Introduction and Hardware Modes
Threadripper launched a little over a month ago, and since launch, we have had time to play around with AMD's new beast of a CPU. Threadripper CPUs connect two dies together with an Infinity Fabric that operates over 100GB/s bi-directionally. This die to die connection is what makes it possible for Threadripper CPUs to carry so many cores and threads and at an affordable price point, but they also introduce some variability when it comes to performance.

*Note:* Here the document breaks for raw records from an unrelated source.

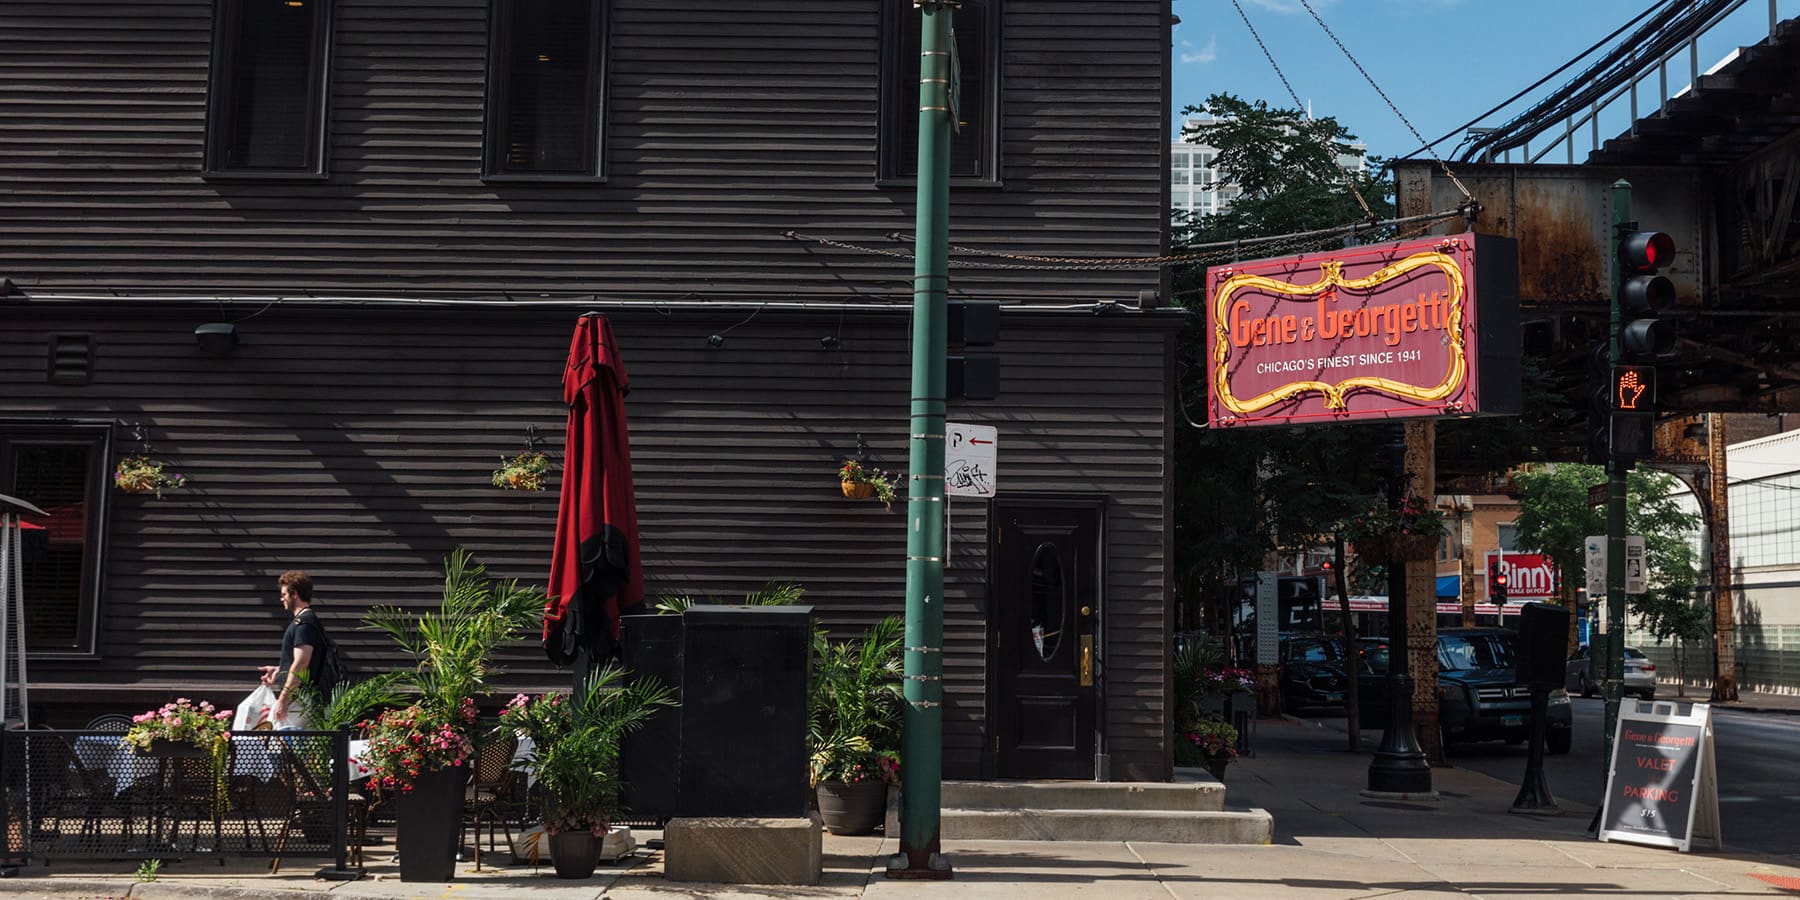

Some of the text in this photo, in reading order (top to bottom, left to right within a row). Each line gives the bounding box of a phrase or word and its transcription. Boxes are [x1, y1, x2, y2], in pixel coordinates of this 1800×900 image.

[1232, 291, 1449, 347] Gene & Georgetti
[1257, 350, 1421, 374] CHICAGO'S FINEST SINCE 1941
[1502, 561, 1558, 594] Binny
[1625, 730, 1646, 743] Gene
[1655, 732, 1695, 747] Georgetti
[1637, 757, 1676, 771] VALET
[1624, 786, 1678, 803] PARKING
[1640, 808, 1657, 818] $15

AMD counters this by adding in additional hardware modes, which can easily be accessed through Windows or BIOS, and they can have a significant enough impact on performance depending on what tasks the CPU is handling. We will test out Threadripper's hardware modes, more specifically memory access modes (Local and Distributed), SMT, and the unique Legacy Mode.
AMD has given us a decent amount of information on the memory access and Legacy modes, and we all know what SMT does (two threads per core). AMD actually provides two basic modes of operation; a Creator Mode (default) and a Gaming Mode, and today we will evaluate them and all the other possible hardware modes.
Hardware Modes
Threadripper allows you to configure memory access modes in either Distributed mode (Uniform Memory Access/UMA) or Local mode (Non-Uniform Memory Access /NUMA). UMA mode evenly distributes memory transactions across all memory channels, and it provides higher bandwidth but also higher latency. NUMA mode allows individual dies to prioritize memory access to cores nearest to physical DIMMs, and while this results in slightly lower bandwidth, it also lowers latency.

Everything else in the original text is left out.